## Instructions to follow
If a line of the entries below includes the word "words", it counts; state the total and nothing further.

## Data listing

◇ ◇ ◇ ◇

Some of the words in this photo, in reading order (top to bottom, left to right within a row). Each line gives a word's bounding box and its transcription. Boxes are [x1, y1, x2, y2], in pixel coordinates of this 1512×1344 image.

◇ ◇ ◇ ◇

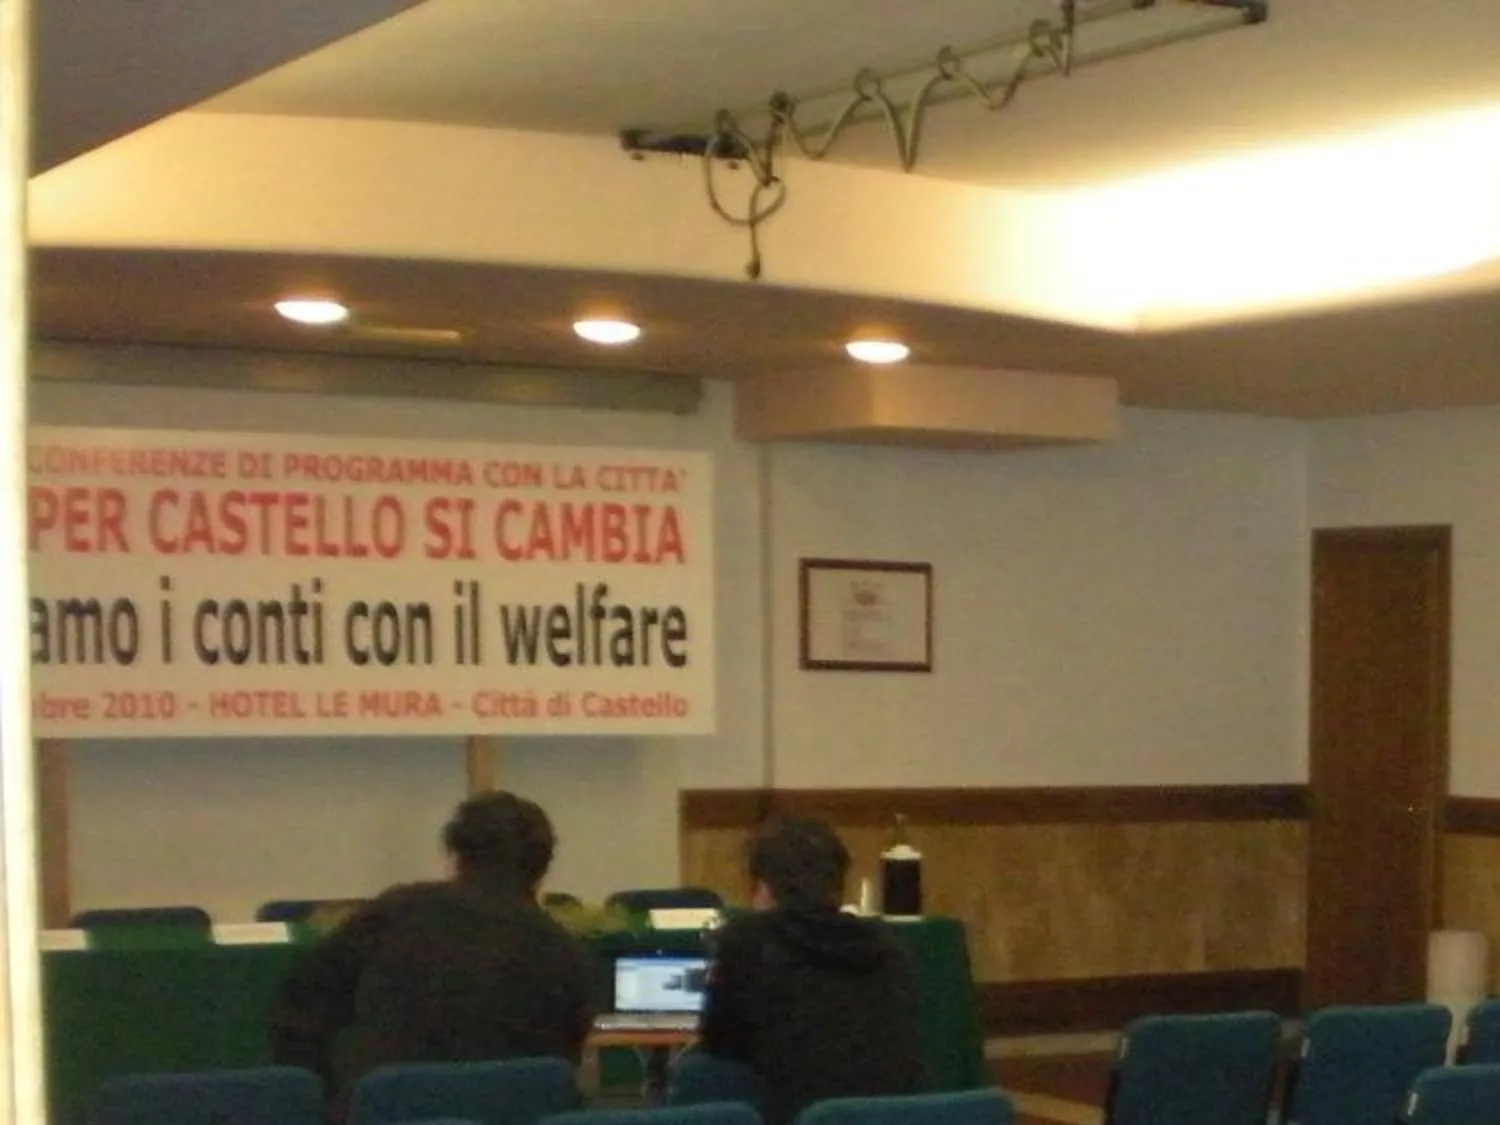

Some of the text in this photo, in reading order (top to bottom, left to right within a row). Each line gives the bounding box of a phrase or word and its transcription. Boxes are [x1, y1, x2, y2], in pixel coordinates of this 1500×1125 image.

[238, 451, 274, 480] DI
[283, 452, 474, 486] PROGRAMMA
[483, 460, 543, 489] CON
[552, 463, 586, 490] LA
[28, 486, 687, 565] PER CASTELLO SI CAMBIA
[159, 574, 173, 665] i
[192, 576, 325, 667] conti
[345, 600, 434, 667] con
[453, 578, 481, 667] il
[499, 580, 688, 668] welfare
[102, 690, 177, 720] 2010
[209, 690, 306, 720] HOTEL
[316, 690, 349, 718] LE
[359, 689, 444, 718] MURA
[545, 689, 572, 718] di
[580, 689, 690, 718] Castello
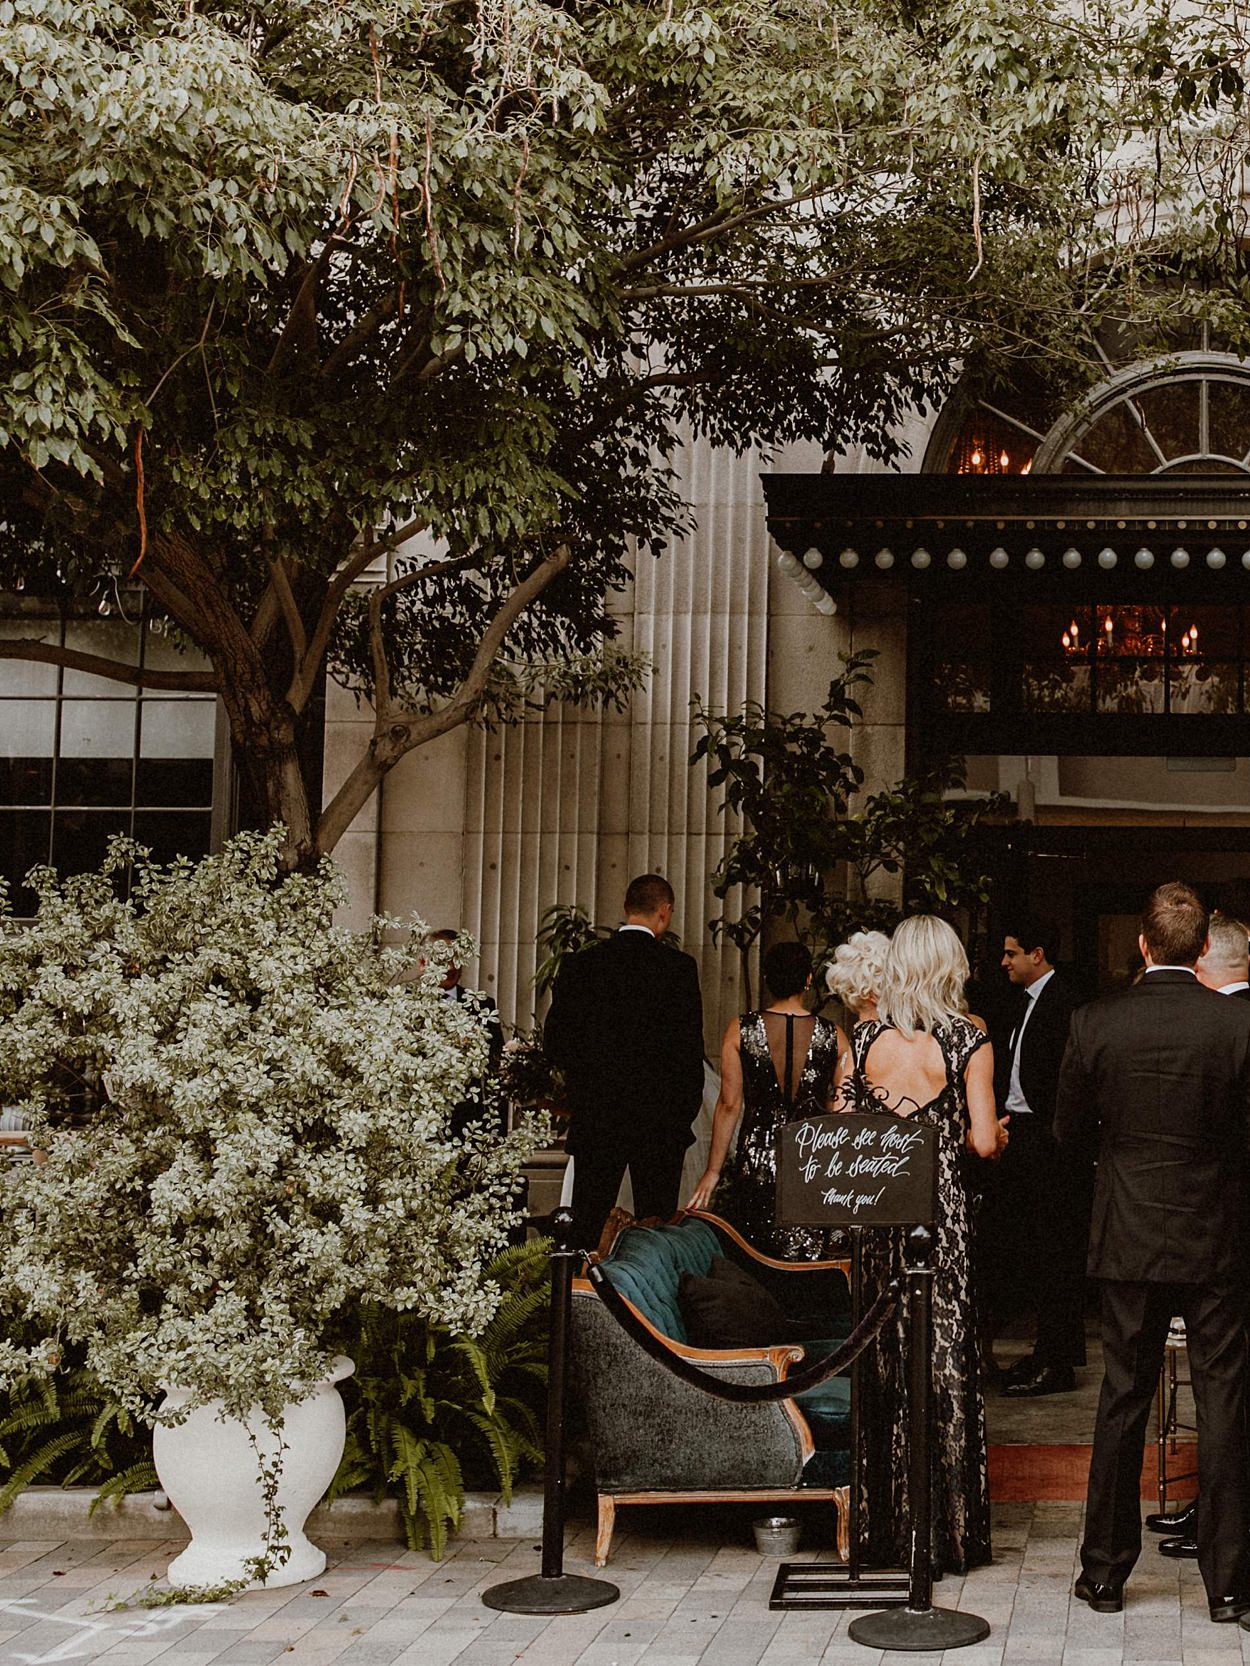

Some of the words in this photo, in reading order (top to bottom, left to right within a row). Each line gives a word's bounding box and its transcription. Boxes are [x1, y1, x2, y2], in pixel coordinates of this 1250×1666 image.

◇ ◇ ◇ ◇

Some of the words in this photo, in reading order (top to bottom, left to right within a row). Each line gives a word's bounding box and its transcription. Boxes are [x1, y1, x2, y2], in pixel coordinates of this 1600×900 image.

◇ ◇ ◇ ◇

## Answer
3